*Task data*:
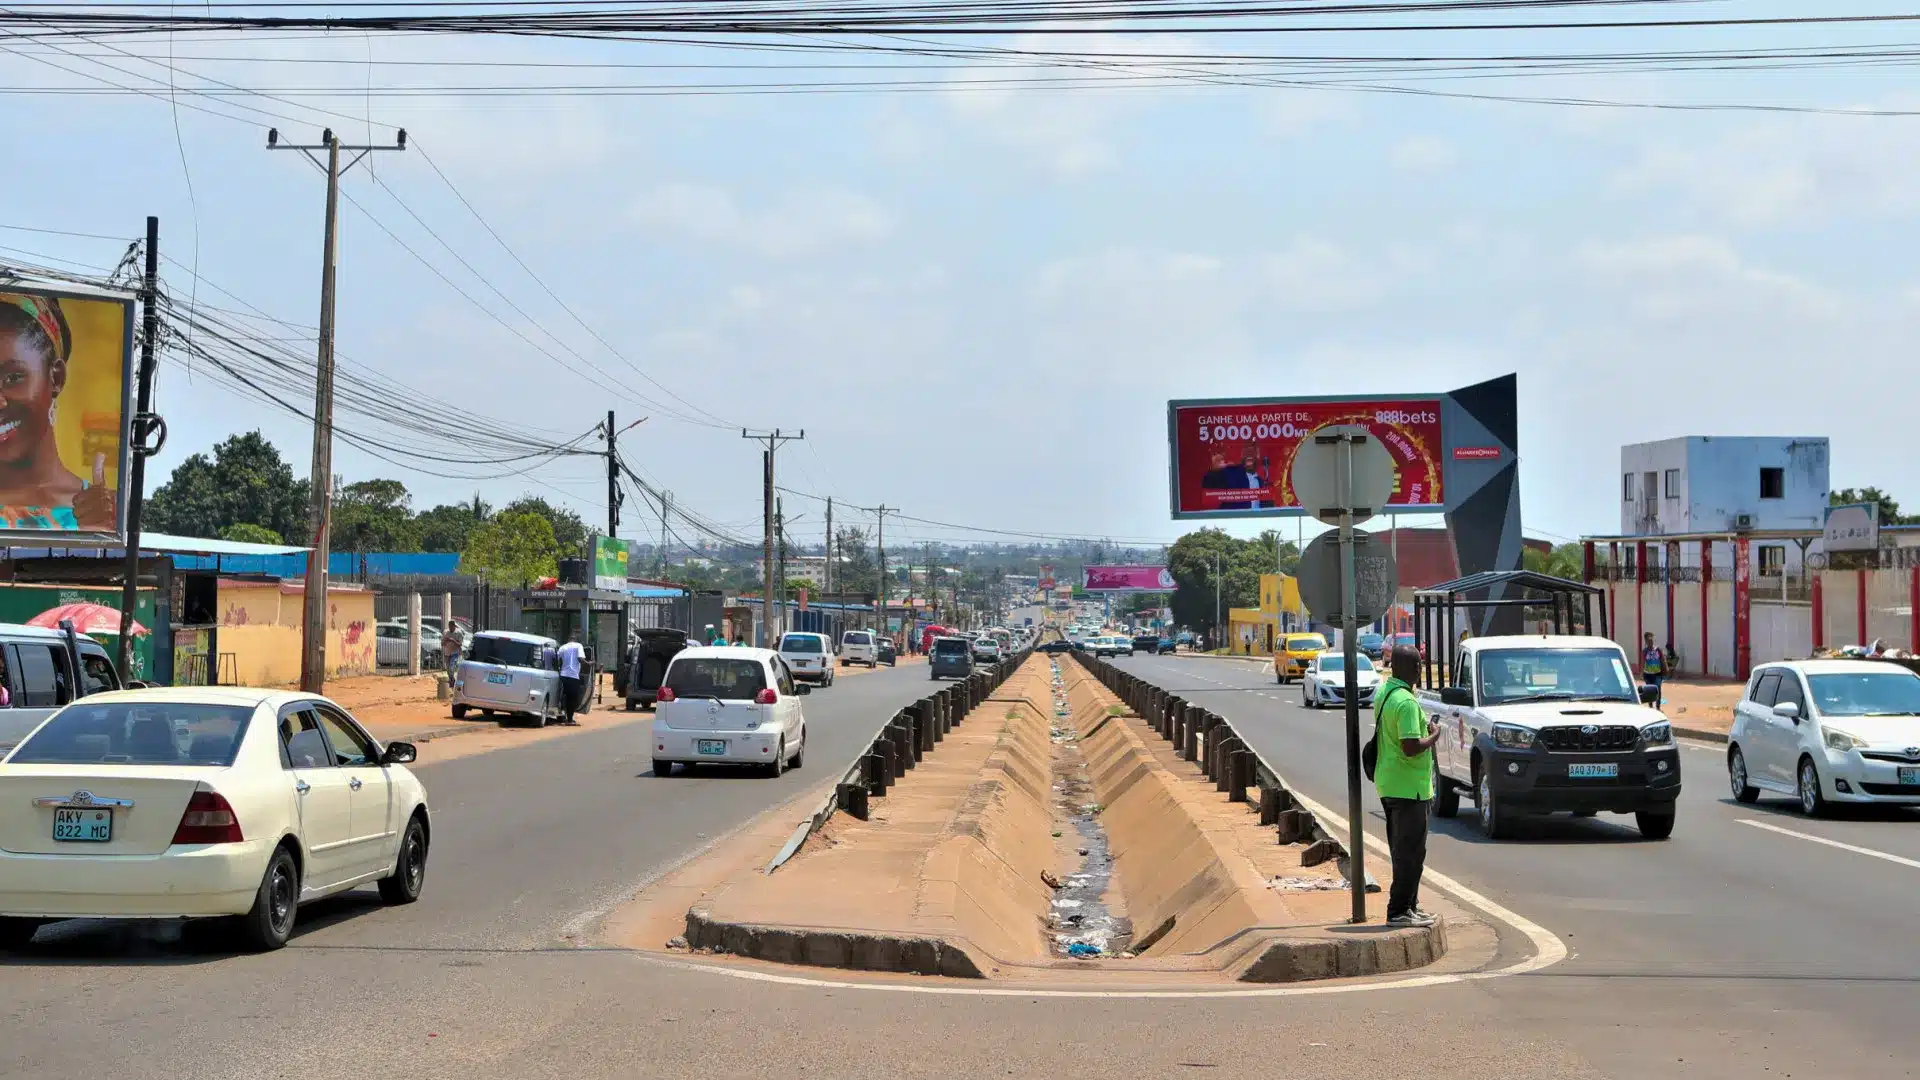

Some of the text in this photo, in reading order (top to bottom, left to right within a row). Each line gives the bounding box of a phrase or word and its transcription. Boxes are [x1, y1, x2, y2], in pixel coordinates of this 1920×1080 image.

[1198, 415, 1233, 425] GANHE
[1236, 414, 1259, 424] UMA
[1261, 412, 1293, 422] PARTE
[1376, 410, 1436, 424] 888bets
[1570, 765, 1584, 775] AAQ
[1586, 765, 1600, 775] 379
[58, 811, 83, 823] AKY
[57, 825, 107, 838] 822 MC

*What to produce*: Transcribe all of the records above character for character. Exclude the pictures.

*Solution*:
Some of the text in this photo, in reading order (top to bottom, left to right within a row). Each line gives the bounding box of a phrase or word and its transcription. Boxes are [x1, y1, x2, y2], in pixel coordinates of this 1920×1080 image.

[1198, 415, 1233, 425] GANHE
[1236, 414, 1259, 424] UMA
[1261, 412, 1293, 422] PARTE
[1376, 410, 1436, 424] 888bets
[1570, 765, 1584, 775] AAQ
[1586, 765, 1600, 775] 379
[58, 811, 83, 823] AKY
[57, 825, 107, 838] 822 MC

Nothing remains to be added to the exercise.